Vladimir Maksimov. In quarantaine.

Vladimir Maksimov. In quarantaine. Amsterdam 1975, vert. Arthur Langeveld.

De laatste tijd worden veel leestips de wereld in gestuurd die soelaas moeten bieden in deze trieste Corona-tijden. De ene raadt de Decamerone aan (Boccaccio), de andere La peste (1947) van Albert Camus, minder valt de naam Thomas Mann (Tod in Venedig) of Saramago Stad der blinden (dit is inderdaad geen geval van een epidemie, maar wel even akelig). Zelf zou ik willen herinneren aan een allang vergeten roman van de Russische dissident Vladimir Maksimov. In 1973 verscheen in het Westen zijn roman Karantin (In quarantaine), een werk dat door zijn problematiek in de Sovjetunie niet kon verschijnen.

In het groots opgezette In quarantaine vertelt Maksímov de geschiedenis van een bonte groep mensen die in de trein van Odessa naar Moskou vastgehouden worden: in Odessa is de cholera uitgebroken, de trein wordt onder quarantaine geplaatst. Onder de reizigers breekt angst en onrust uit. Ongewisheid over de afloop wordt weggespoeld door de troostbrengende vodka, die met vaten tegelijk wordt gezopen.

Reeds de uitgangssituatie is diep symbolisch. De vodka werpt de gemoederen en de tongen los; in deze apocalyptische toestand tonen de reizigers hun ware gelaat. Zeldzame figuren treden naar voren, maar ook gewone mensen die hun levenslot en –weg delen met miljoenen anderen: toneelspelers, officieren, boeven, gewezen kampgevangenen, een kleinburgerlijke joodse schoenmaker, een priester, dichter, wetenschapper, een piloot, de mysterieuze Ivanov (een soort Sovjetse Elcerlyck), en ten slotte de hoofdpersonages Boris Chramov en Maria. De reiziger vertellen elkaar hun geschiedenis, spreken over de wereld, over God, over het verleden.

Uit deze vele dramatische lotgevallen, herinneringen, dromen en biechten, uit visioenen ontstaat een breed epos van het Russische volk, dat als grote lijdensweg wordt ervaren.
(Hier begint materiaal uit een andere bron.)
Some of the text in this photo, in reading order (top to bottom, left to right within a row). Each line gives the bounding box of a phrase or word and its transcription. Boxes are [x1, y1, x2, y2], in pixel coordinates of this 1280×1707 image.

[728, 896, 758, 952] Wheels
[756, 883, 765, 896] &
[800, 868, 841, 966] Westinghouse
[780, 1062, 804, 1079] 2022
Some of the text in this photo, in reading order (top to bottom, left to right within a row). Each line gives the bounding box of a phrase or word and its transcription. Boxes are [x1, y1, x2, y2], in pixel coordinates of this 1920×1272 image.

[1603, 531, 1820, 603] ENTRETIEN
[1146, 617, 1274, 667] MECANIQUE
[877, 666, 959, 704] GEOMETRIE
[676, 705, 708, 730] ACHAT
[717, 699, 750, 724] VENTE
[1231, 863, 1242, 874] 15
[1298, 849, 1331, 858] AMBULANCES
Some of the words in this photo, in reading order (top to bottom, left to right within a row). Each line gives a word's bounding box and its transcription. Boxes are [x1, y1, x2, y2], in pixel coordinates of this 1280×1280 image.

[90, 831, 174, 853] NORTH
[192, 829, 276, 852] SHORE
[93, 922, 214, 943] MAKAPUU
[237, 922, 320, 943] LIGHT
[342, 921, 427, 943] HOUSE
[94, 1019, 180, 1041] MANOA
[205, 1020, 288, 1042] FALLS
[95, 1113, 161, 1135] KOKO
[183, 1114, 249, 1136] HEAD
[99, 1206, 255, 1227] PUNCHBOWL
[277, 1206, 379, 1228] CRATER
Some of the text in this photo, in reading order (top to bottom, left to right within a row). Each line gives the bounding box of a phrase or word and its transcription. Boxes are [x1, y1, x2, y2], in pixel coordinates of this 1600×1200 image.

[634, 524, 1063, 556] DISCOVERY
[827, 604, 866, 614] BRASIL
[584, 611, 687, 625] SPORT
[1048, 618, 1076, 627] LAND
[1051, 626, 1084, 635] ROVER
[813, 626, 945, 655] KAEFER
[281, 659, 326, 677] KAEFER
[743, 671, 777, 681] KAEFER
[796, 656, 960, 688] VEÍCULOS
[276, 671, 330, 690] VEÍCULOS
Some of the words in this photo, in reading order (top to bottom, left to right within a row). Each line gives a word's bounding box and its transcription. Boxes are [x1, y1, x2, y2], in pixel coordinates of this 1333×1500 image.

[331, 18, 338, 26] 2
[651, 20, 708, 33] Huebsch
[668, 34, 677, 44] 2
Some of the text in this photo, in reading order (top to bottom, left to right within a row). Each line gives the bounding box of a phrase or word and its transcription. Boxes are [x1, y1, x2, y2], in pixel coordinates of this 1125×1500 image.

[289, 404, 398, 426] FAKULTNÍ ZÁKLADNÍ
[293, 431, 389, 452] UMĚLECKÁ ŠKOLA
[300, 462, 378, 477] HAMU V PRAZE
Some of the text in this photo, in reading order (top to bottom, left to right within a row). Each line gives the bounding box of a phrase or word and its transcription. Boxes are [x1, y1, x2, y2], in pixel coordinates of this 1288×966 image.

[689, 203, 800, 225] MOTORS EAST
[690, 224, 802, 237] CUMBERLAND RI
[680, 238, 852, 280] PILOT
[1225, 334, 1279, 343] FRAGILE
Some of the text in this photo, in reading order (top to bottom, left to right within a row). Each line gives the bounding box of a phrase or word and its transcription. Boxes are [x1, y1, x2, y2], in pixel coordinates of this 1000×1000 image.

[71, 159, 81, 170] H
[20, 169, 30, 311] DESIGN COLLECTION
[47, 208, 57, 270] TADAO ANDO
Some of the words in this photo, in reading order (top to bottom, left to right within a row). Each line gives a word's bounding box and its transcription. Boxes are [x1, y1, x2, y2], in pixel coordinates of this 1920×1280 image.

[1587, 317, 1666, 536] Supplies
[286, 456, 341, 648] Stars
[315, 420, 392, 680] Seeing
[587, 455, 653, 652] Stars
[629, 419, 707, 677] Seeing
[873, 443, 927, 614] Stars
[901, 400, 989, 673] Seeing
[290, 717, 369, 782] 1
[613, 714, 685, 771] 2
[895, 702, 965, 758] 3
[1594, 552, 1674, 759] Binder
Boris en Maria, gestimuleerd door de geheimzinnige Ivanov, die in zich de levenswijsheid van het veel geleden hebbende Russische volk belichaamt, komen in deze quarantaine, via hun dromen, familieherinneringen en gesprekken met medereizigers, tot klaarheid en inzicht in hun verleden en dat van Rusland, en hun voor de reis reeds ten dode opgeschreven liefde komt tot rijpheid en vindt haar uiteindelijke bestemming.

Het thema van de roman is de overgang van een kleurloos en zinloos bestaan naar een bezield en bewust leven, berouw in de zonde, en een overwinnen van eigen zondigheid. Duidelijk spreekt uit deze in mozaïekvorm opgebouwde roman het ervaren van de harmonie in de kosmos, niet de zinloze chaos. Maksimov schrijft in zijn nawoord: ‘In hartstochtelijke strijd met de tijd en het eigen Ik wordt in het huidige Rusland, zoals de vogel Fenix uit de as, de vrije en gelovige mens wedergeboren. Boris Chramov symboliseert deze mens. Hij reinigt zich tegen het einde van het boek van het kwaad der vroegere vergissingen en zet de eerste stap naar de wedergeboorte en het Licht. Op deze Nieuwe Mens vertrouwen en hopen wij.’

Dit boek vraagt van de lezer een serieuze inspanning. De eeuwige thema’s van de Russische literatuur worden erin behandeld: de zin van het menselijk leven, de plaats van de mens in de wereld en maatschappij, schuld en boete, misdaad en straf, zonde en berouw, blind-zijn en ziende-worden, vrijheid en de prijs die ervoor betaald moet worden, goed en kwaad. Een eerlijke behandeling van al deze problemen kon toen – midden jaren zeventig – in de Sovjetunie natuurlijk niet aan bod komen.

De auteur is inmiddels allang overleden (1995), het Rusland dat hij beschrijft, bestaat niet meer, het is boeiend om zijn verwachtingen te vergelijken met wat er in het postcommunistische Rusland met de Russische mens gebeurd is. Ik laat in het midden of hij ermee gelukkig zou zijn. De westerse lezer vindt hier in elk geval een boeiende roman die de filosofische dimensie van de apocalyptische epidemie blootlegt. Misschien kan hij iemand van onze schrijvers inspireren?